### Task item
Omit the images and retype the records verbatim.

---

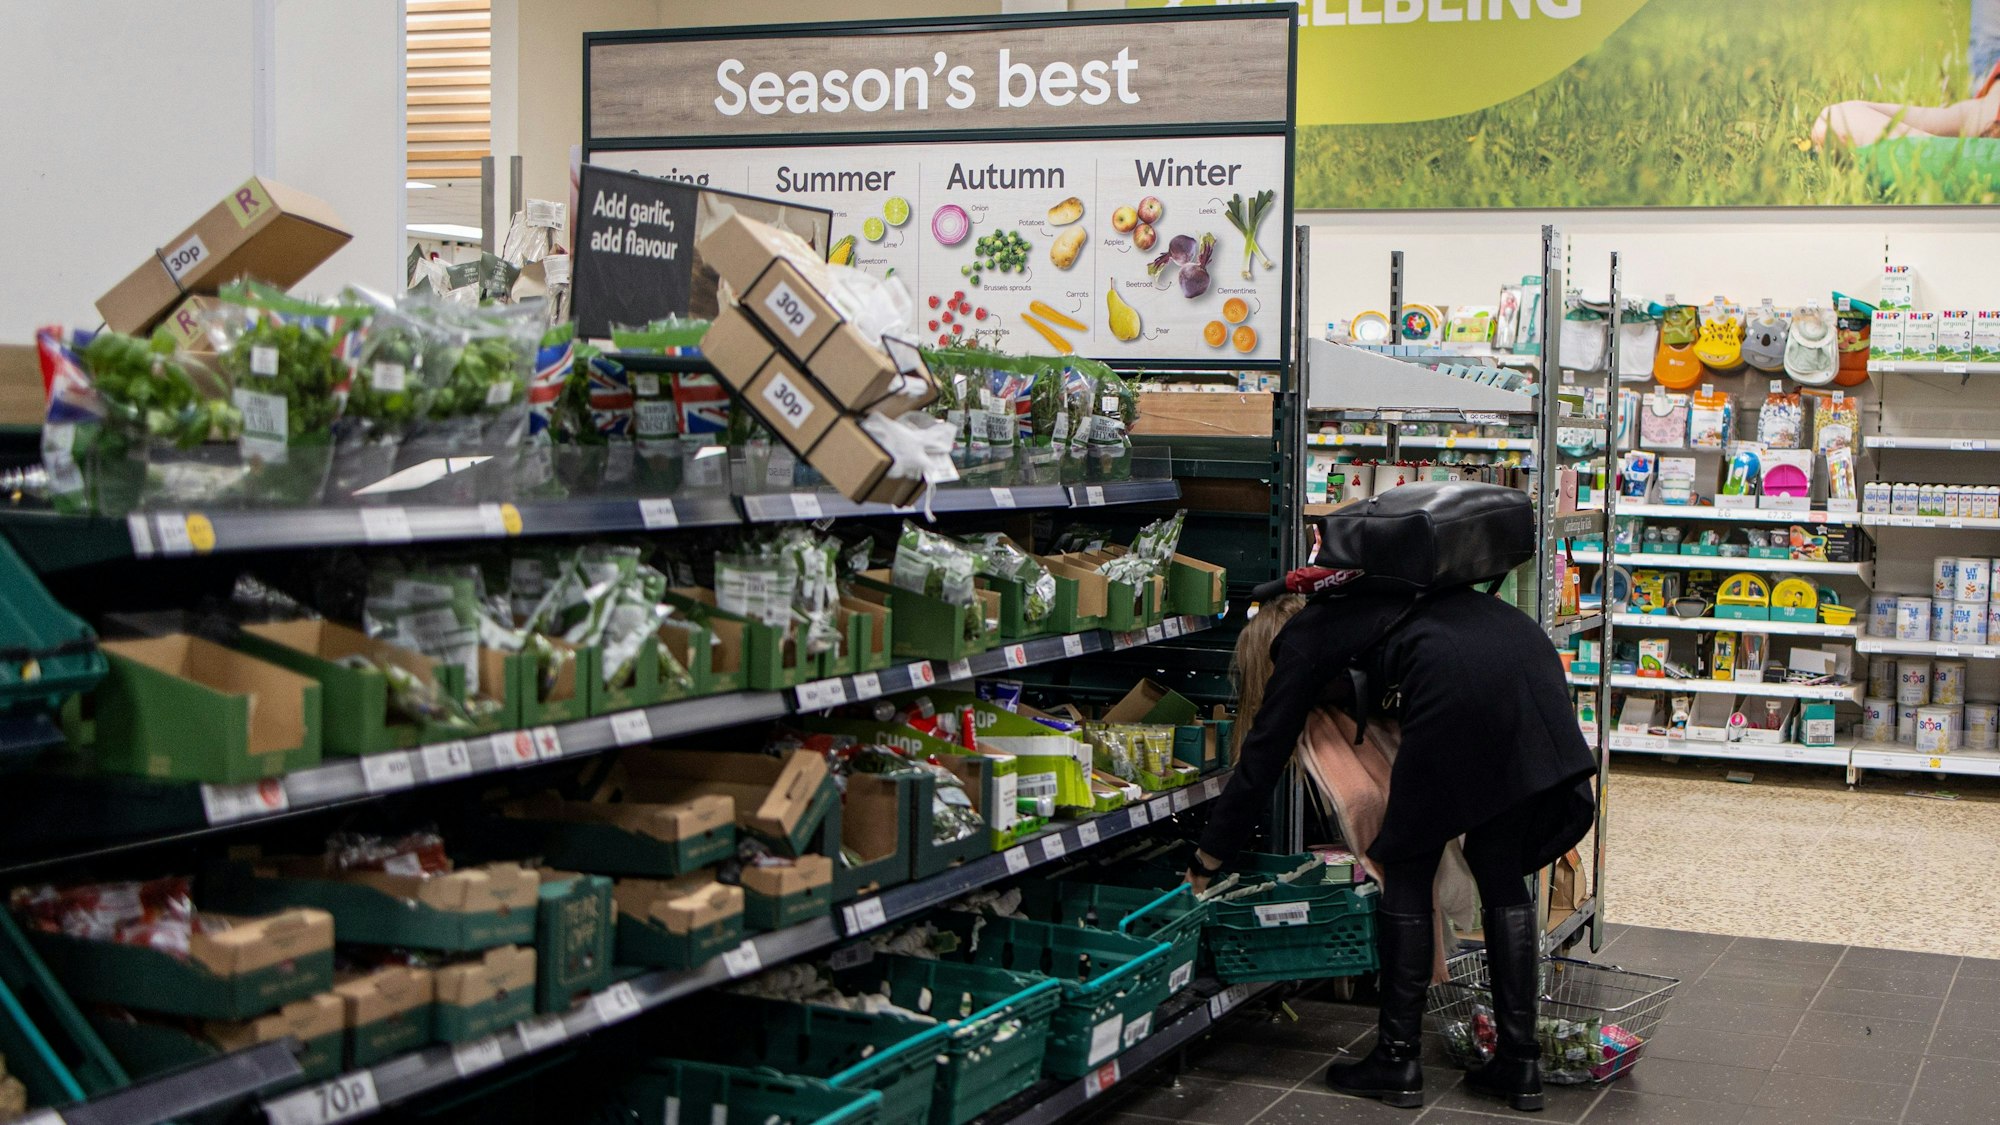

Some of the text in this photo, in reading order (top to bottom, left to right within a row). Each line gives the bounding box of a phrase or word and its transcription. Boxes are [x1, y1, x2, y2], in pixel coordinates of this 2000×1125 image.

[713, 46, 1141, 116] Season’s best
[775, 166, 896, 193] Summer
[946, 162, 1065, 190] Autumn
[1134, 158, 1242, 188] Winter
[235, 187, 260, 214] R
[592, 190, 627, 220] Add
[629, 199, 675, 233] garlic,
[971, 204, 989, 212] Onion
[1198, 207, 1217, 215] Leeks
[1018, 219, 1045, 227] Potatoes
[590, 226, 678, 260] add flavour
[1104, 238, 1125, 248] Apples
[170, 246, 201, 271] 30p
[1885, 266, 1909, 274] HiPP
[983, 284, 1032, 294] Brussels sprouts
[1125, 280, 1153, 289] Beetroot
[1217, 287, 1257, 295] Clementines
[776, 292, 805, 325] 30p
[1876, 312, 1900, 320] HiPP
[175, 308, 198, 335] R
[1964, 331, 1970, 340] 2
[774, 383, 803, 416] 30p
[1548, 492, 1556, 540] Kids
[1717, 508, 1732, 518] £6
[1546, 550, 1556, 580] for
[1638, 616, 1652, 625] £5
[1920, 718, 1942, 732] sma
[314, 1081, 366, 1121] 70p
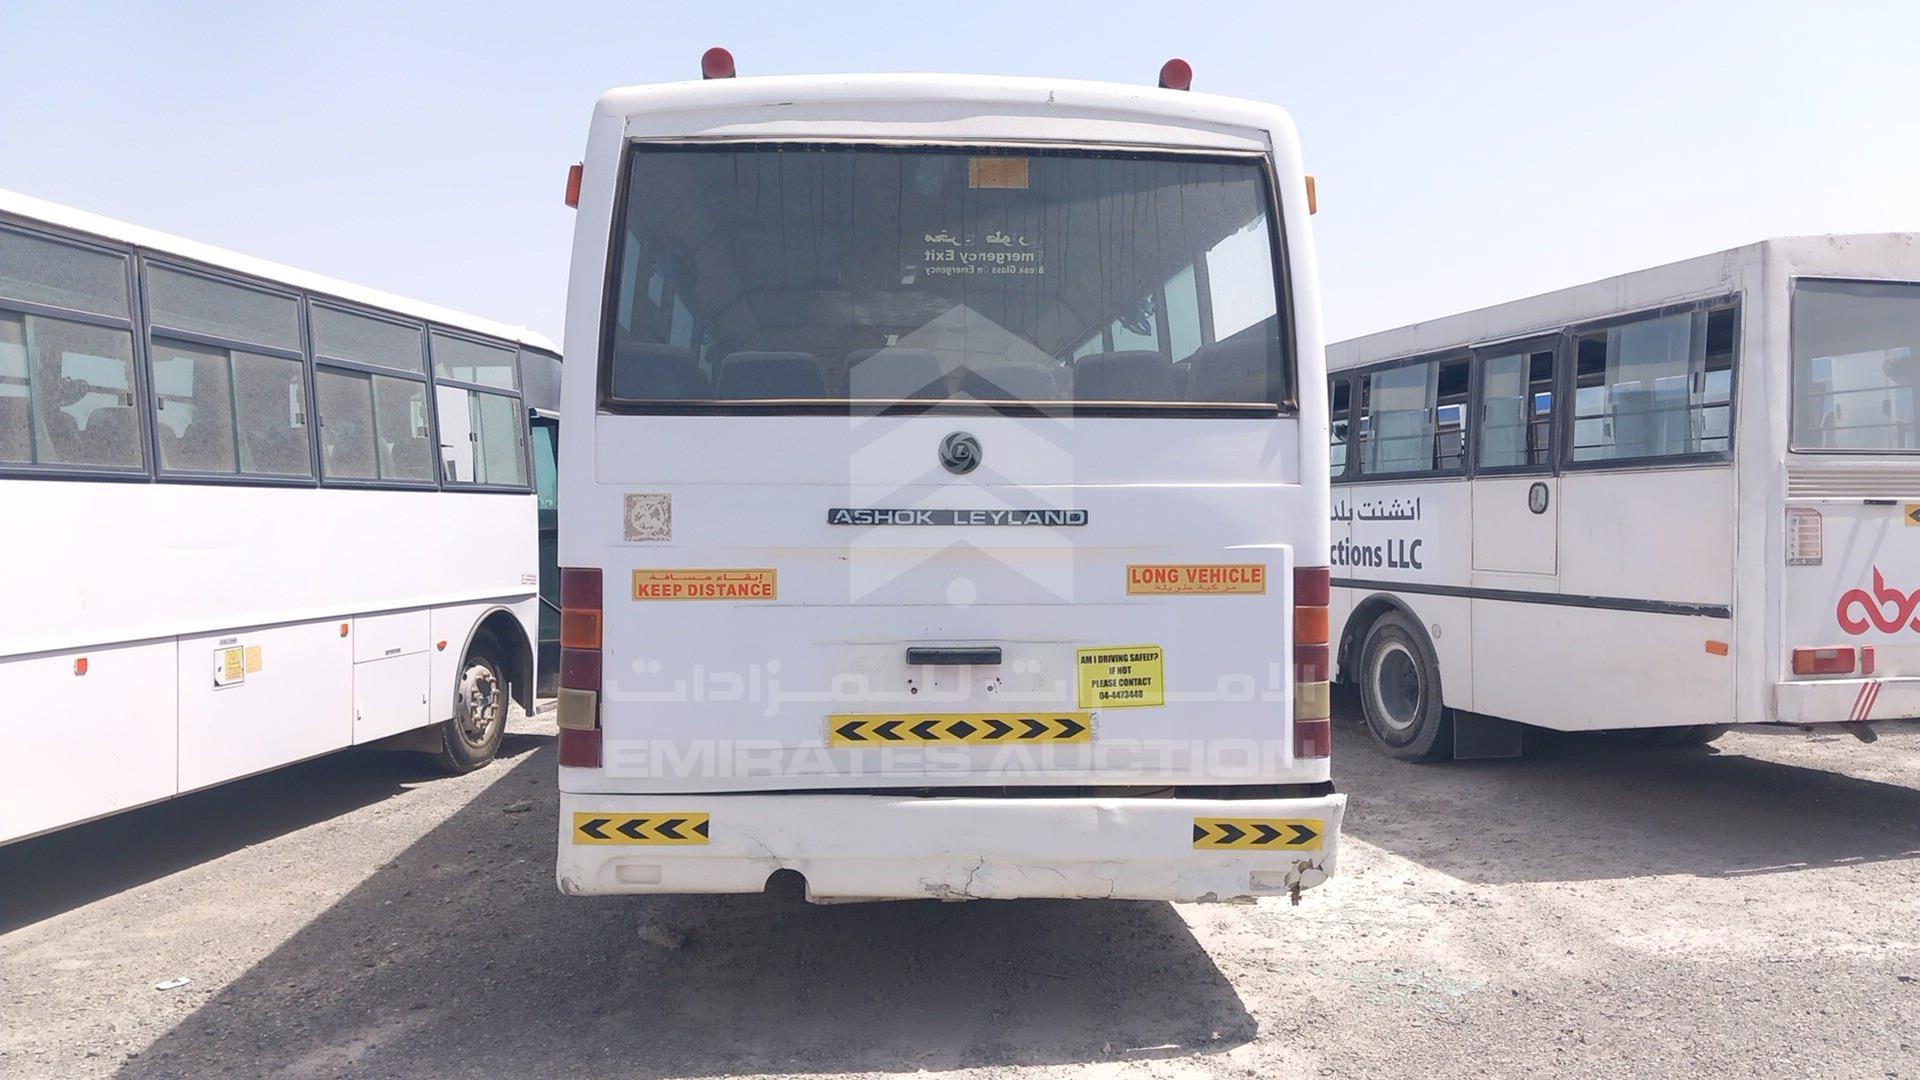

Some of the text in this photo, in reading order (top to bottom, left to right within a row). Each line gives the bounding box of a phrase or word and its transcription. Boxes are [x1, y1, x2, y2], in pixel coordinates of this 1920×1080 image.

[832, 509, 1086, 526] ASHOK LEYLAND
[1387, 539, 1423, 570] LLC
[1131, 568, 1261, 584] LONG VEHICLE
[638, 583, 772, 597] KEEP DISTANCE
[1080, 655, 1092, 664] AM
[1098, 654, 1128, 664] DRIVING
[1129, 652, 1159, 662] SAFELY?
[1108, 666, 1132, 675] IF NOT
[1091, 677, 1151, 688] PLEASE CONTACT

---

### Solution for this exercise
Some of the text in this photo, in reading order (top to bottom, left to right within a row). Each line gives the bounding box of a phrase or word and its transcription. Boxes are [x1, y1, x2, y2], in pixel coordinates of this 2000×1125 image.

[713, 46, 1141, 116] Season’s best
[775, 166, 896, 193] Summer
[946, 162, 1065, 190] Autumn
[1134, 158, 1242, 188] Winter
[235, 187, 260, 214] R
[592, 190, 627, 220] Add
[629, 199, 675, 233] garlic,
[971, 204, 989, 212] Onion
[1198, 207, 1217, 215] Leeks
[1018, 219, 1045, 227] Potatoes
[590, 226, 678, 260] add flavour
[1104, 238, 1125, 248] Apples
[170, 246, 201, 271] 30p
[1885, 266, 1909, 274] HiPP
[983, 284, 1032, 294] Brussels sprouts
[1125, 280, 1153, 289] Beetroot
[1217, 287, 1257, 295] Clementines
[776, 292, 805, 325] 30p
[1876, 312, 1900, 320] HiPP
[175, 308, 198, 335] R
[1964, 331, 1970, 340] 2
[774, 383, 803, 416] 30p
[1548, 492, 1556, 540] Kids
[1717, 508, 1732, 518] £6
[1546, 550, 1556, 580] for
[1638, 616, 1652, 625] £5
[1920, 718, 1942, 732] sma
[314, 1081, 366, 1121] 70p

Some of the text in this photo, in reading order (top to bottom, left to right within a row). Each line gives the bounding box of a phrase or word and its transcription. Boxes are [x1, y1, x2, y2], in pixel coordinates of this 1920×1080 image.

[832, 509, 1086, 526] ASHOK LEYLAND
[1387, 539, 1423, 570] LLC
[1131, 568, 1261, 584] LONG VEHICLE
[638, 583, 772, 597] KEEP DISTANCE
[1080, 655, 1092, 664] AM
[1098, 654, 1128, 664] DRIVING
[1129, 652, 1159, 662] SAFELY?
[1108, 666, 1132, 675] IF NOT
[1091, 677, 1151, 688] PLEASE CONTACT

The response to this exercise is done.